#### [Data excerpts]
▬▬▬
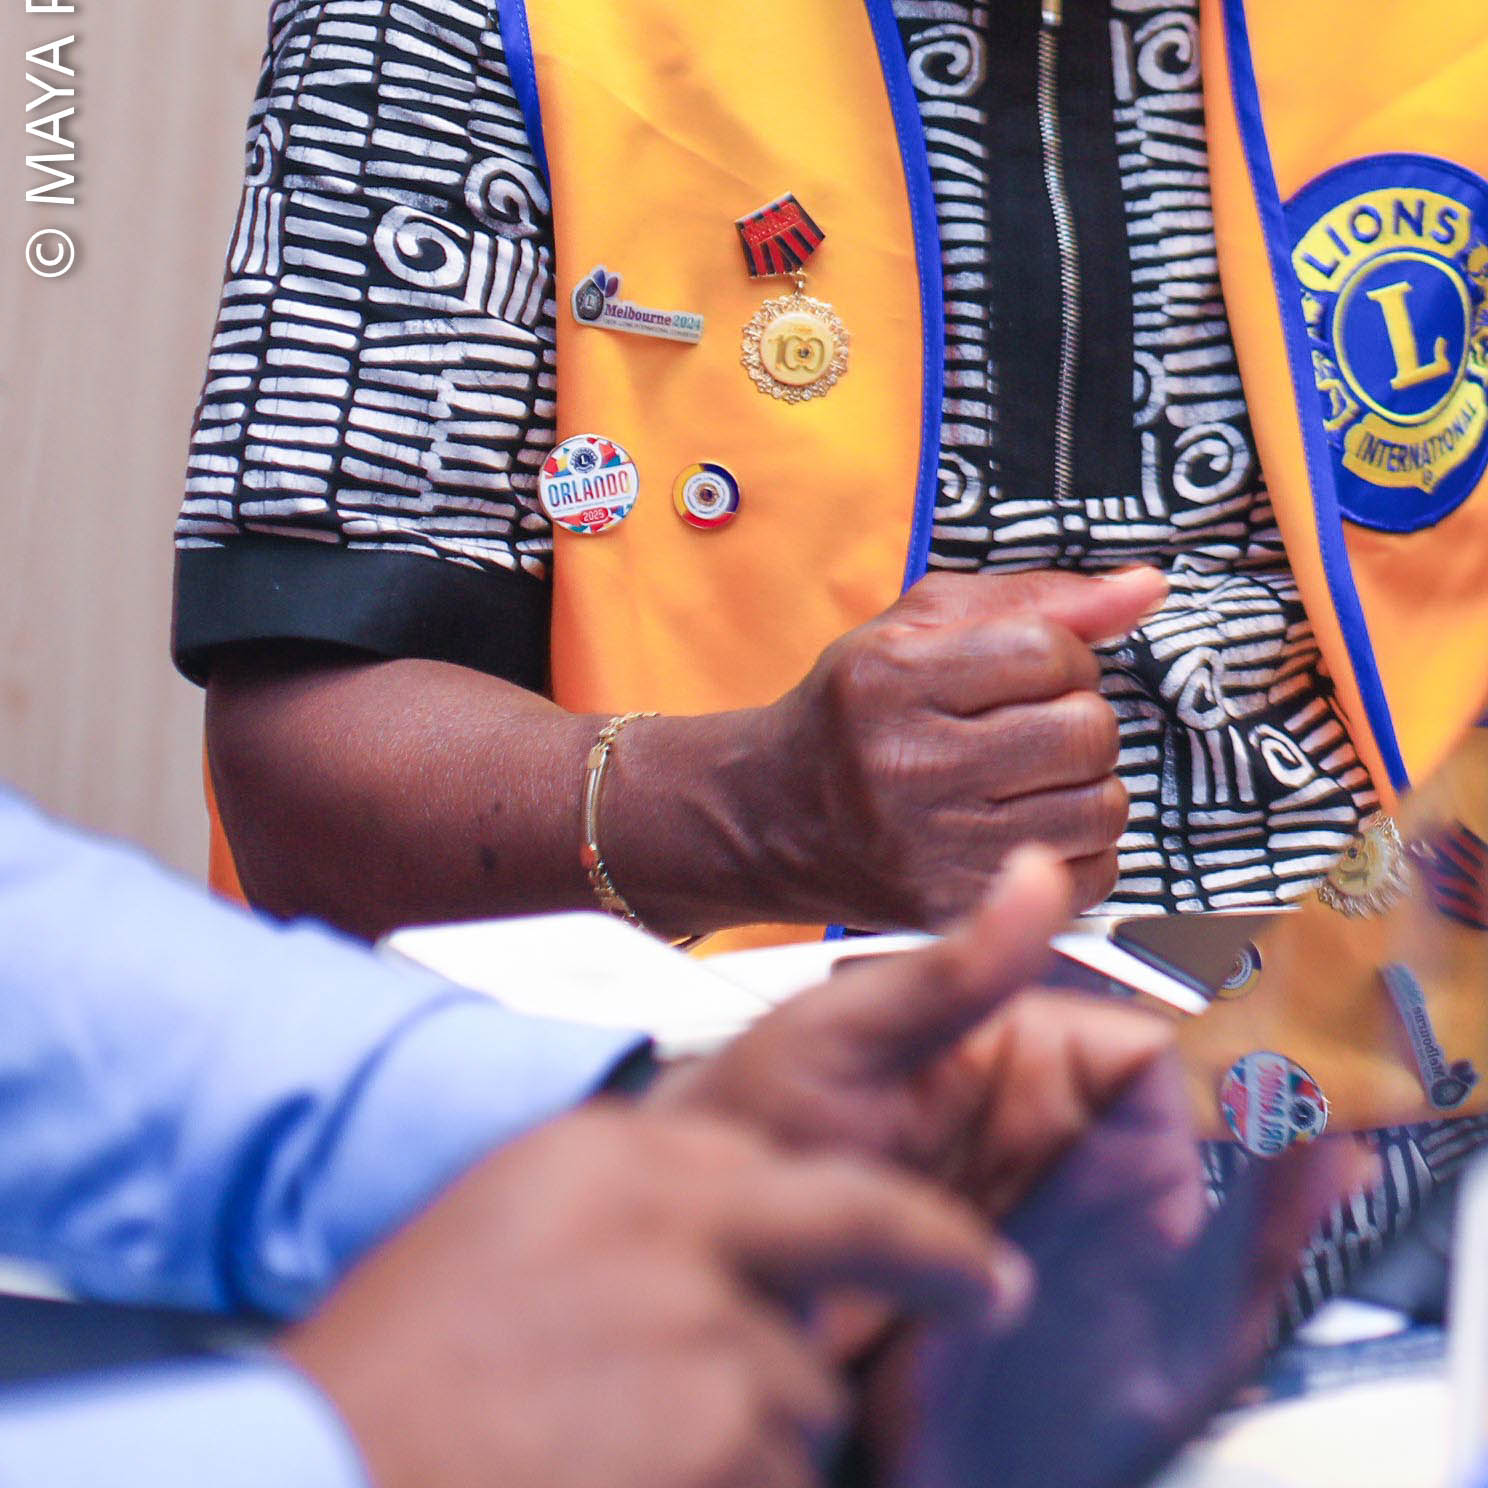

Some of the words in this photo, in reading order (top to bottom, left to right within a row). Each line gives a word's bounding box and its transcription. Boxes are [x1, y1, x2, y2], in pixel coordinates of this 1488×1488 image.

[1302, 199, 1460, 279] LIONS
[604, 303, 672, 327] Melbourne
[672, 314, 701, 332] 2024
[1366, 281, 1451, 390] L
[1356, 400, 1478, 472] INTERNATIONAL
[548, 470, 631, 508] ORLANDO
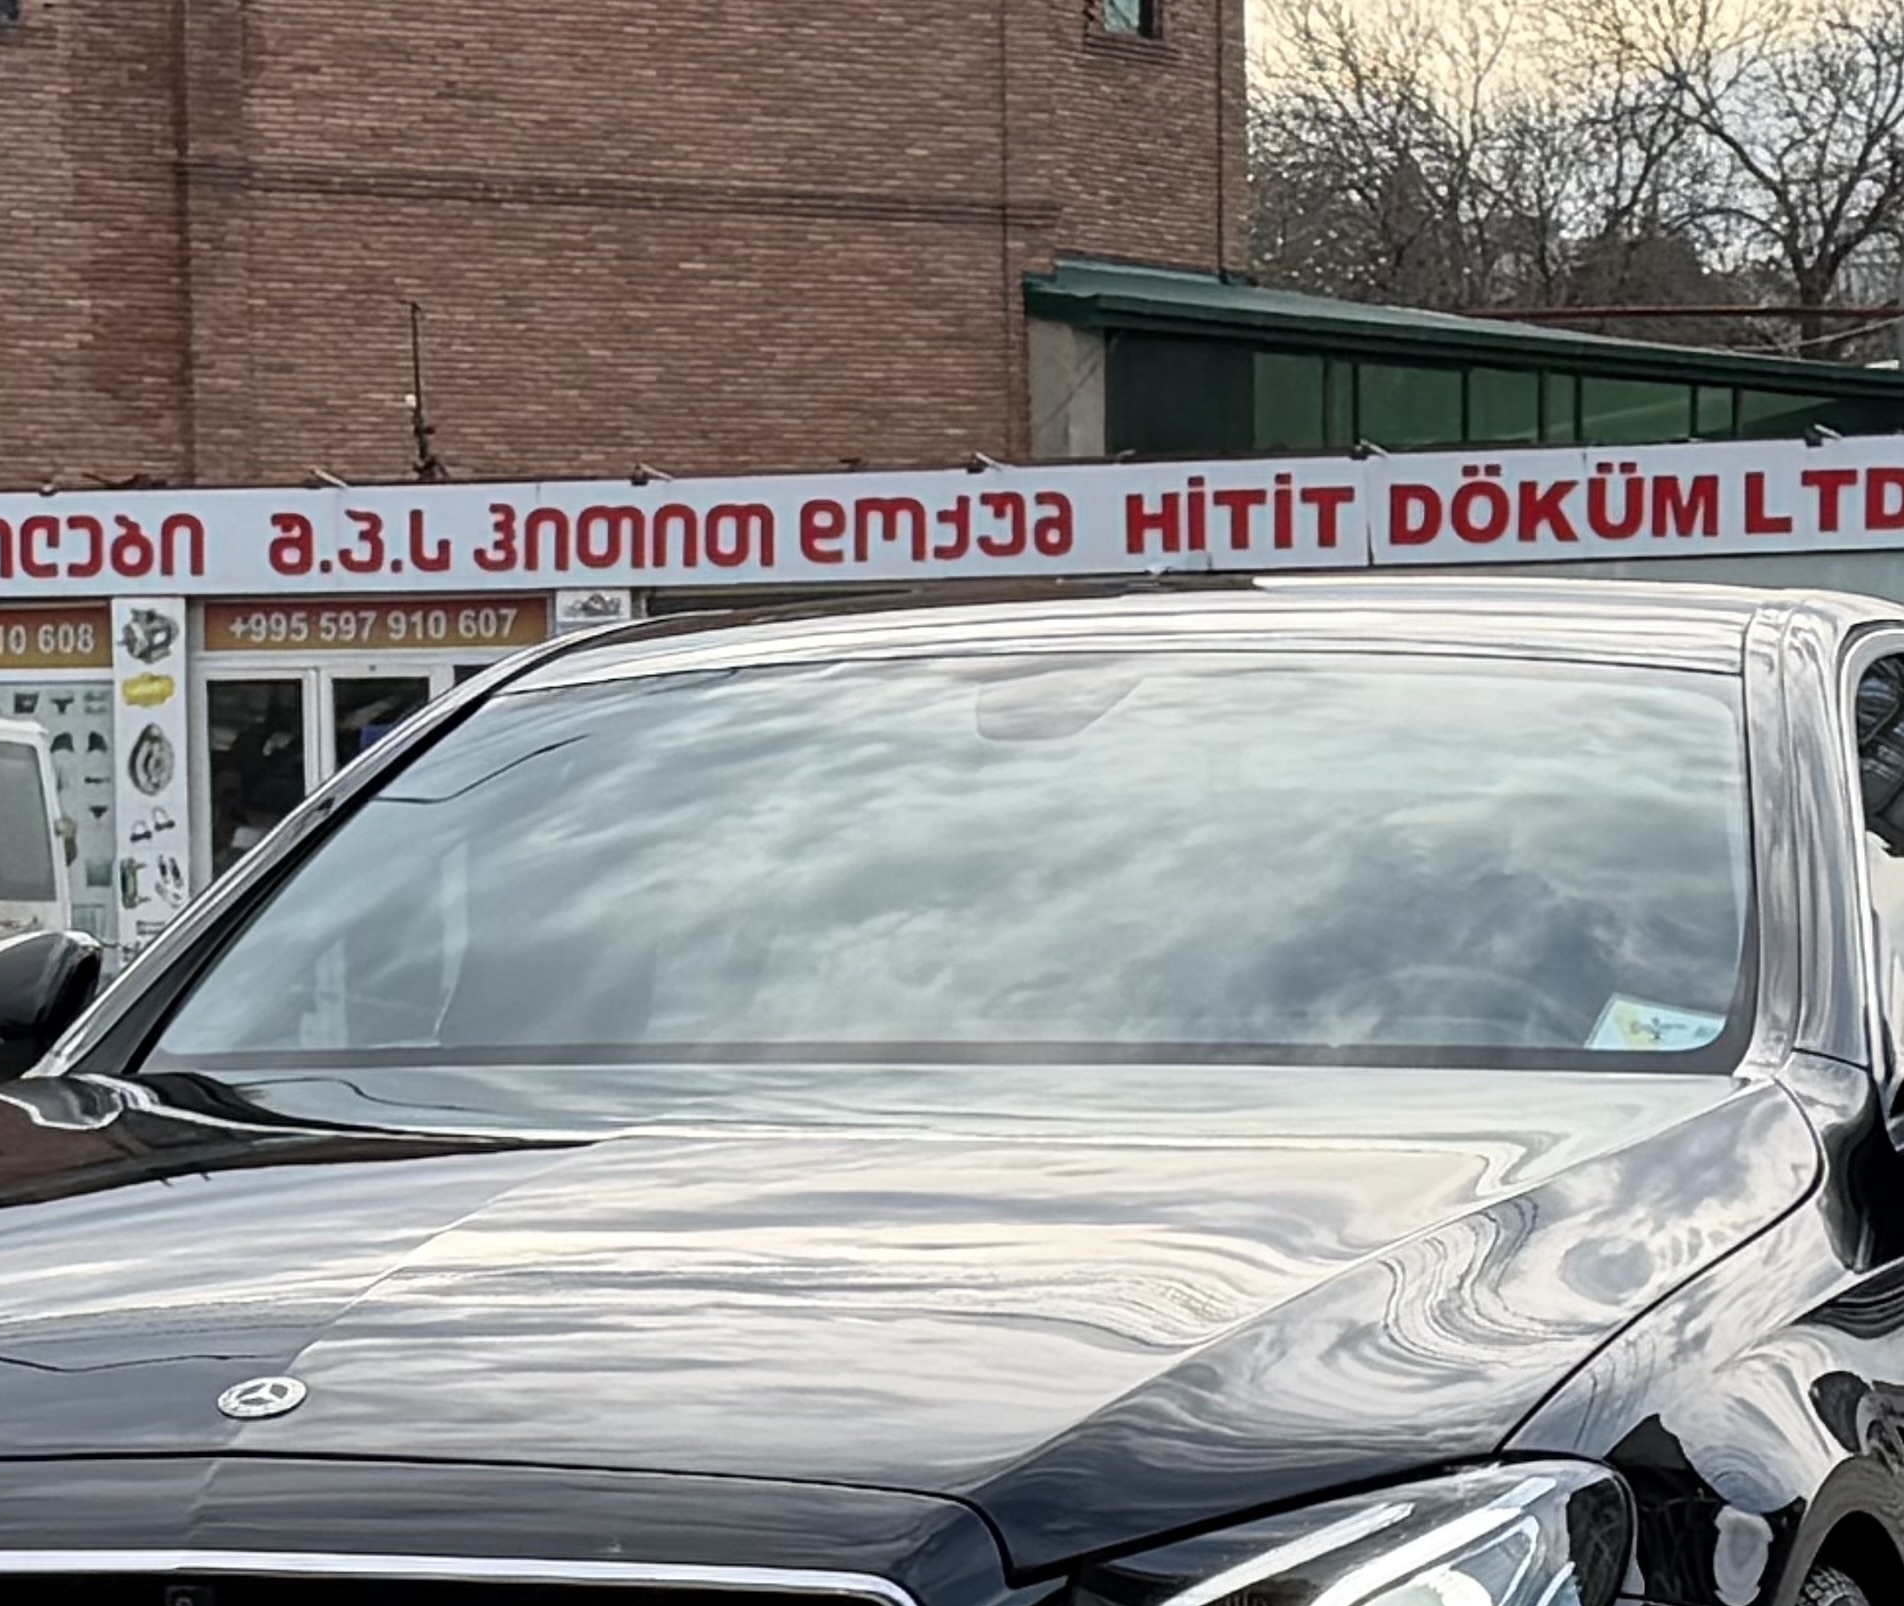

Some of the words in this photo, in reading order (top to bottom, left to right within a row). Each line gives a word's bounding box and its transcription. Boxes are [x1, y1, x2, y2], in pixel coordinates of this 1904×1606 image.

[1389, 463, 1719, 546] DÖKÜM
[37, 623, 96, 654] 608
[229, 611, 309, 642] +995
[319, 610, 377, 642] 597
[387, 609, 447, 641] 910
[457, 607, 517, 639] 607
▬▬▬
#### [Problem details]
Transcribe the records above exactly as they appear, leaving out any pictures.

#### [Solution to this problem]
Some of the words in this photo, in reading order (top to bottom, left to right within a row). Each line gives a word's bounding box and its transcription. Boxes are [x1, y1, x2, y2], in pixel coordinates of this 1488×1488 image.

[1302, 199, 1460, 279] LIONS
[604, 303, 672, 327] Melbourne
[672, 314, 701, 332] 2024
[1366, 281, 1451, 390] L
[1356, 400, 1478, 472] INTERNATIONAL
[548, 470, 631, 508] ORLANDO

Some of the words in this photo, in reading order (top to bottom, left to right within a row). Each line gives a word's bounding box and its transcription. Boxes are [x1, y1, x2, y2], in pixel coordinates of this 1904×1606 image.

[1389, 463, 1719, 546] DÖKÜM
[37, 623, 96, 654] 608
[229, 611, 309, 642] +995
[319, 610, 377, 642] 597
[387, 609, 447, 641] 910
[457, 607, 517, 639] 607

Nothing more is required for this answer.